Task to complete: Print out all of the records exactly; no picture belongs in the result.

[Text-to-region grounding data]
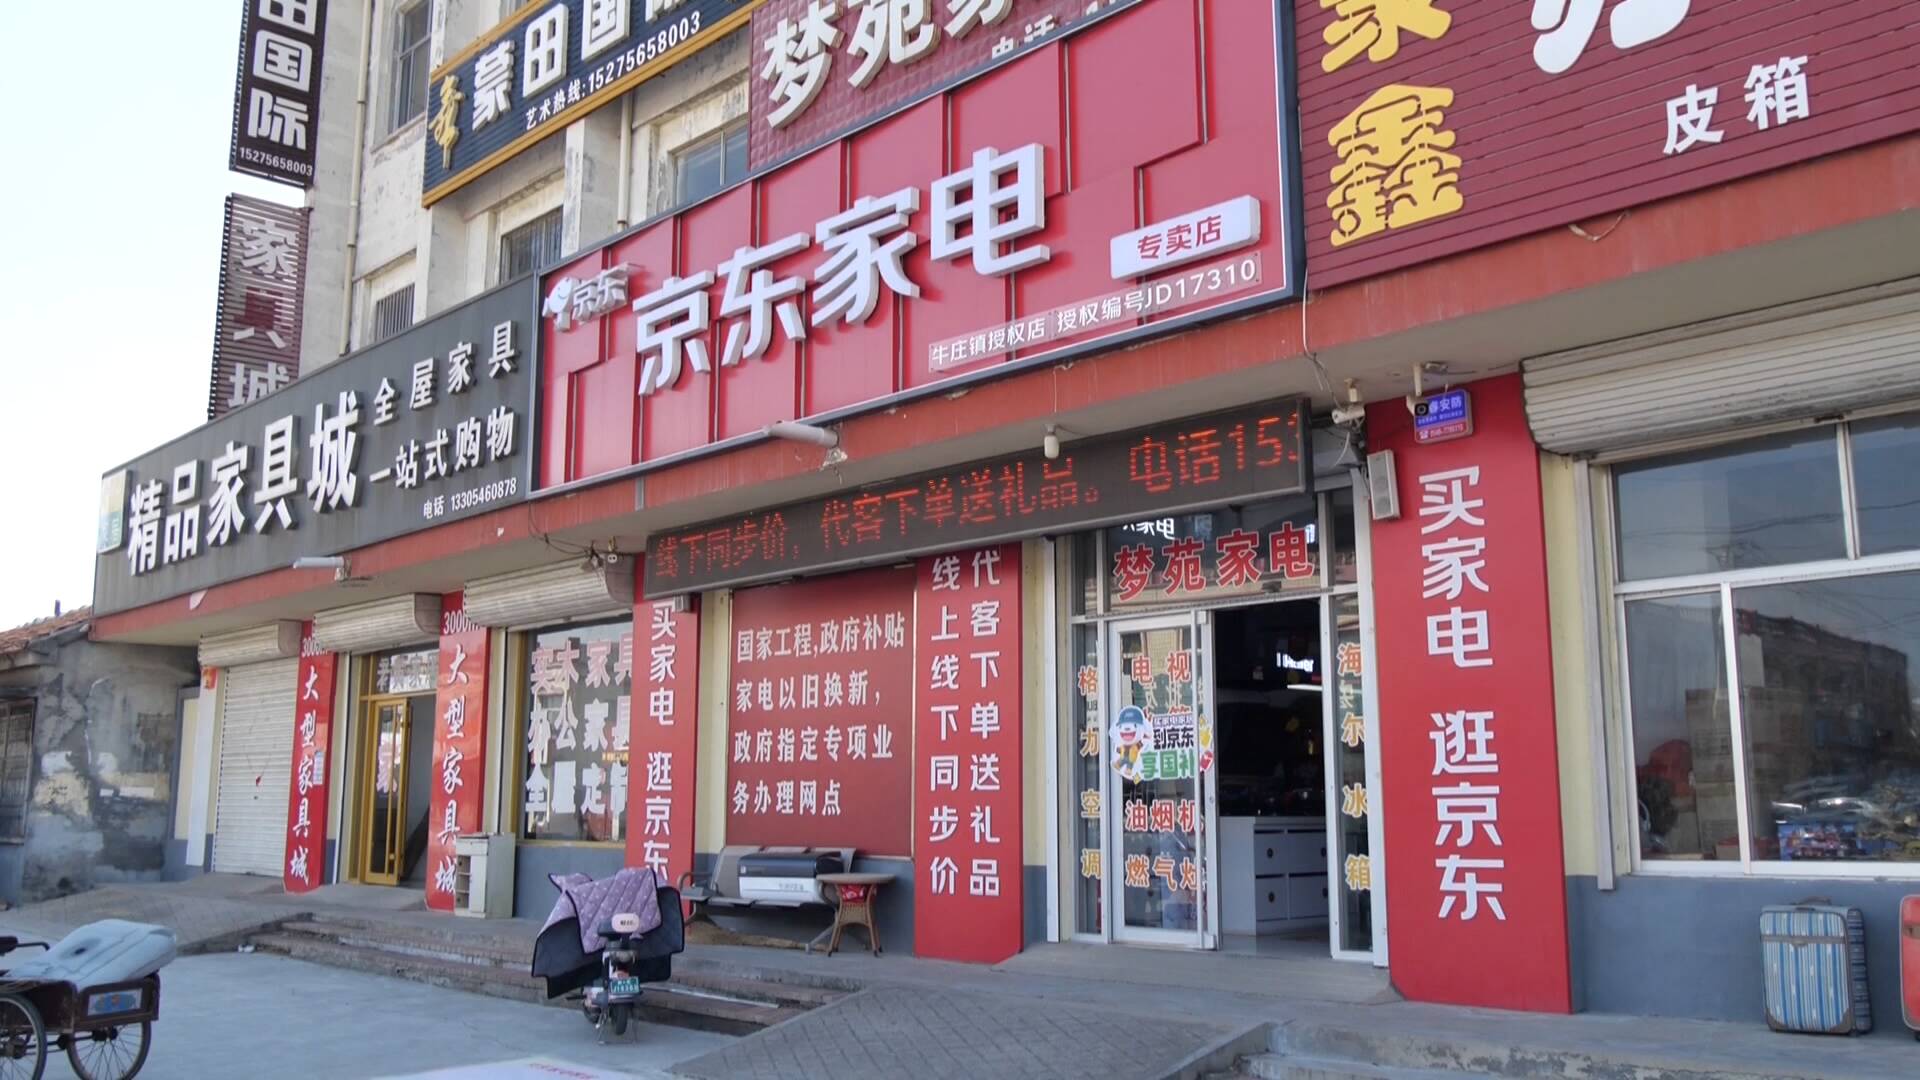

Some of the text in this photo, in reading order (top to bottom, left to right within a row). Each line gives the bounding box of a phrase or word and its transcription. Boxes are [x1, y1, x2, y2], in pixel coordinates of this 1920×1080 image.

[1662, 56, 1811, 156] 皮箱
[239, 147, 314, 177] 15275658003
[633, 143, 1051, 397] 京东家电
[1137, 215, 1222, 260] 专卖店
[226, 218, 300, 409] 家城
[572, 263, 629, 322] 京东
[932, 260, 1257, 364] 牛庄镇授权店 授权编号JD17310
[374, 320, 518, 426] 全屋家具
[128, 390, 360, 577] 精品家具城
[368, 406, 519, 490] 一站式购物
[423, 477, 517, 519] 电话 13305460878
[1113, 521, 1316, 601] 梦苑家电
[1418, 466, 1494, 668] 买家电
[1131, 650, 1192, 684] 电视
[290, 664, 320, 887] 大型家具城
[434, 643, 469, 895] 大型家具城
[643, 600, 677, 881] 买家电 逛京东
[733, 724, 894, 764] 政府指定专项业
[929, 556, 961, 896] 线上线下同步价
[968, 549, 1001, 897] 代客下单送礼品
[1078, 664, 1102, 881] 格力空调
[1153, 727, 1195, 750] 到京东
[1336, 641, 1371, 892] 海尔冰箱
[732, 779, 842, 817] 务办理网点
[1125, 799, 1198, 833] 油烟机
[1429, 710, 1507, 921] 逛京东

Exercise answer:
Some of the text in this photo, in reading order (top to bottom, left to right within a row). Each line gives the bounding box of a phrase or word and its transcription. Boxes are [x1, y1, x2, y2], in pixel coordinates of this 1920×1080 image.

[1662, 56, 1811, 156] 皮箱
[239, 147, 314, 177] 15275658003
[633, 143, 1051, 397] 京东家电
[1137, 215, 1222, 260] 专卖店
[226, 218, 300, 409] 家城
[572, 263, 629, 322] 京东
[932, 260, 1257, 364] 牛庄镇授权店 授权编号JD17310
[374, 320, 518, 426] 全屋家具
[128, 390, 360, 577] 精品家具城
[368, 406, 519, 490] 一站式购物
[423, 477, 517, 519] 电话 13305460878
[1113, 521, 1316, 601] 梦苑家电
[1418, 466, 1494, 668] 买家电
[1131, 650, 1192, 684] 电视
[290, 664, 320, 887] 大型家具城
[434, 643, 469, 895] 大型家具城
[643, 600, 677, 881] 买家电 逛京东
[733, 724, 894, 764] 政府指定专项业
[929, 556, 961, 896] 线上线下同步价
[968, 549, 1001, 897] 代客下单送礼品
[1078, 664, 1102, 881] 格力空调
[1153, 727, 1195, 750] 到京东
[1336, 641, 1371, 892] 海尔冰箱
[732, 779, 842, 817] 务办理网点
[1125, 799, 1198, 833] 油烟机
[1429, 710, 1507, 921] 逛京东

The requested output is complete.